Perhaps the richest quality of Brady’s documentary is the hypnotic strangeness with which the island’s self-contained ecosystem is shot. In cinematographer Michael Latham’s compositions, the monsoonal forest seems sentient, and we sense that it bears the grief of those who have unwillingly passed across it for the past century. Even in still shots, every leaf and branch of the island’s flora quakes slightly, and the natural world is an active, watchful force in the narrative. All the while, the red crabs – the island’s custodians – continue going on about their business.
For that reason, with its eerie shots of coastal mountains, The Island of Hungry Ghosts is more reminiscent of Picnic at Hanging Rock – a mystery alive with the mythical power of geology – than Chasing Asylum (2016), the most recent major documentary on Australia’s refugee abuses, made by filmmaker Eva Orner and featuring grainy, horror-like footage secretly recorded in offshore camps. Like Brady, Orner found that compassionate social workers had little power in the bureaucracy beyond calmly asking their clients to not kill themselves, as Anwen Crawford wrote upon that film’s release. But where Chasing Asylum critiqued the human costs of detention, The Island of Hungry Ghosts questions its psychic cost.

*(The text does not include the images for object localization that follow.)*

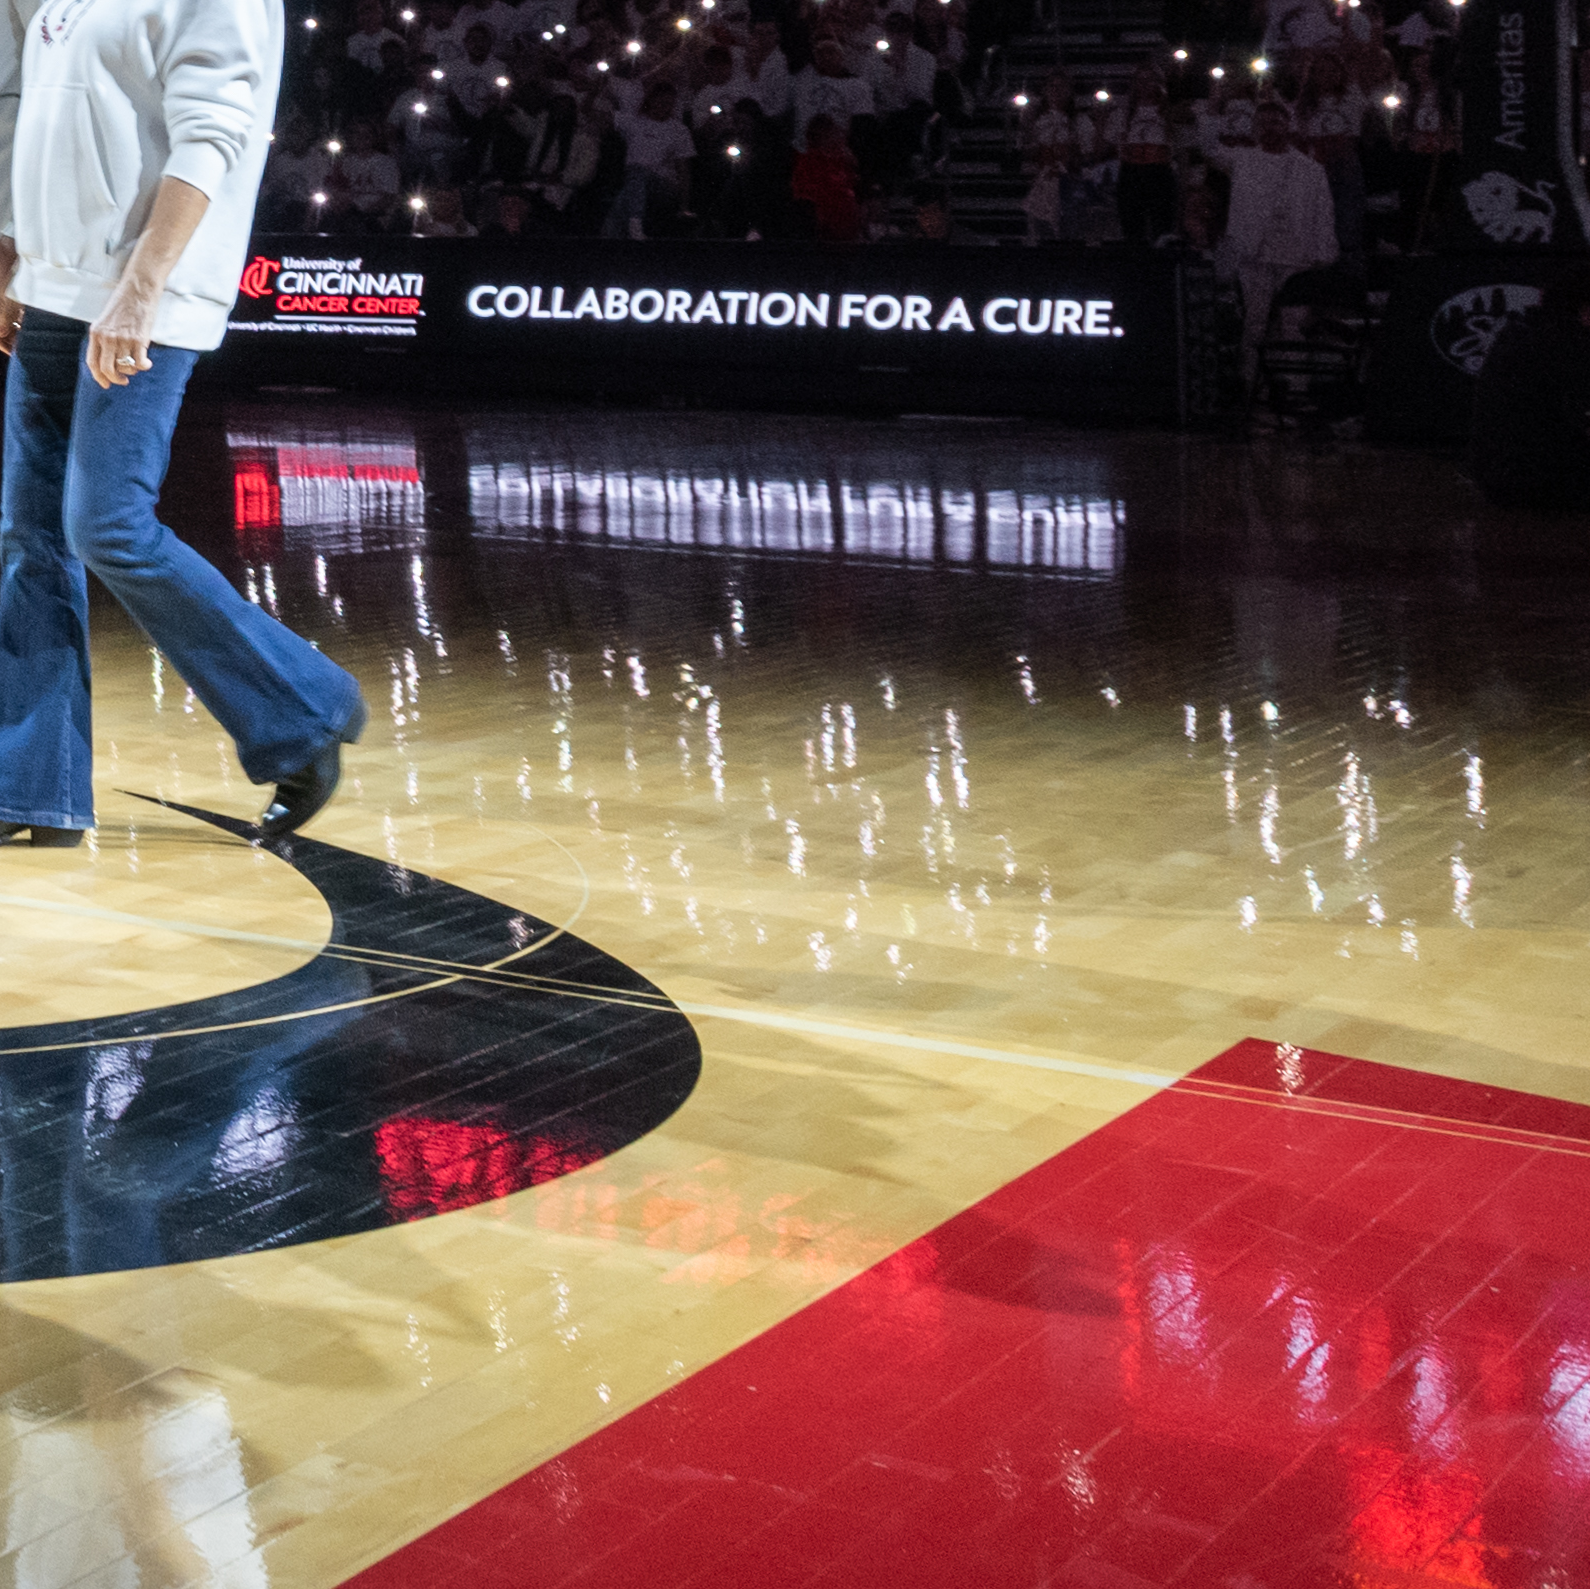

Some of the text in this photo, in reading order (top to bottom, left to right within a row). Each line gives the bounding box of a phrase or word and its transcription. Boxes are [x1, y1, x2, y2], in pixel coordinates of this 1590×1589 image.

[1495, 12, 1526, 151] Ameritas
[281, 256, 363, 273] University of
[276, 271, 424, 297] CINCINNATI
[275, 294, 421, 316] CANCER CENTER
[467, 285, 1124, 338] COLLABORATION FOR A CURE.

Brady’s film also sees cinema as a set of forms to be innovated and curved and moulded. It is made of delicately obtained permissions, negotiated layers of access, and intermingling dimensions of drama and documentary in the rich tradition of hybrid non-fiction cinema. A rich tradition – but not in Australia, whose documentary culture is wrapped around the broadcast structures of the ABC and SBS. Aesthetics follow institutional forms.

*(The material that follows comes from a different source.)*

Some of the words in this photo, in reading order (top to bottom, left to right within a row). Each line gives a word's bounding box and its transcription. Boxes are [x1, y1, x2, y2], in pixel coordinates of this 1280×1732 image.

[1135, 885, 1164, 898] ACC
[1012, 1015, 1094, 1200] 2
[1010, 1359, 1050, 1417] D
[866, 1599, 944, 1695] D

Little surprise then, that Brady’s creation, transcending the conventions of reportage, has been overlooked, misunderstood in the country it is addressing. Critic David Stratton, writing for The Australian, complained that the film did not include enough explanation of its locations and other factual details. But talking heads and long verbal sequences are for journalism, and not necessarily for film. And just as documentary cinema is not a genre, realism may not be for our times. “I wanted to address it not journalistically,” says Brady, “because that’s only how we ever see the crisis. I wanted to rupture what we think we know of Christmas Island.” From that mode of thinking, she avoided using archival footage, and made her own vision of a lonely, isolated place, with nature as her primary metaphor.
The film’s hybridity is not its only singular quality. It is unusual, in Australia, to hear the language of politics and protest fuse with that of dreams, psychology and spirituality. Poh Lin seems at times more a mystic than a counsellor. Her job is to connect, sometimes through translators, to people who have been forced from the through lines of their lives and ancestral lineages. One detainee, imprisoned for the last 17 months, describes to Poh Lin a recurring childhood dream in which he was a kite or a bird, and flew untethered: “We are humans. We have to protest.”
Across these scenes, an expansive narrative emerges. Brady traces Poh Lin’s journey of hopelessness as she comes to realise the futility of her job in the community hospital. Fewer clients arrive each day for therapy; they are “transferred” without notice. “I love these people,” she says, “but I can’t be complicit.”
One senses that progressive Australian people have come to think of their own opposition to successive governments’ inhumane detention policies as similarly futile.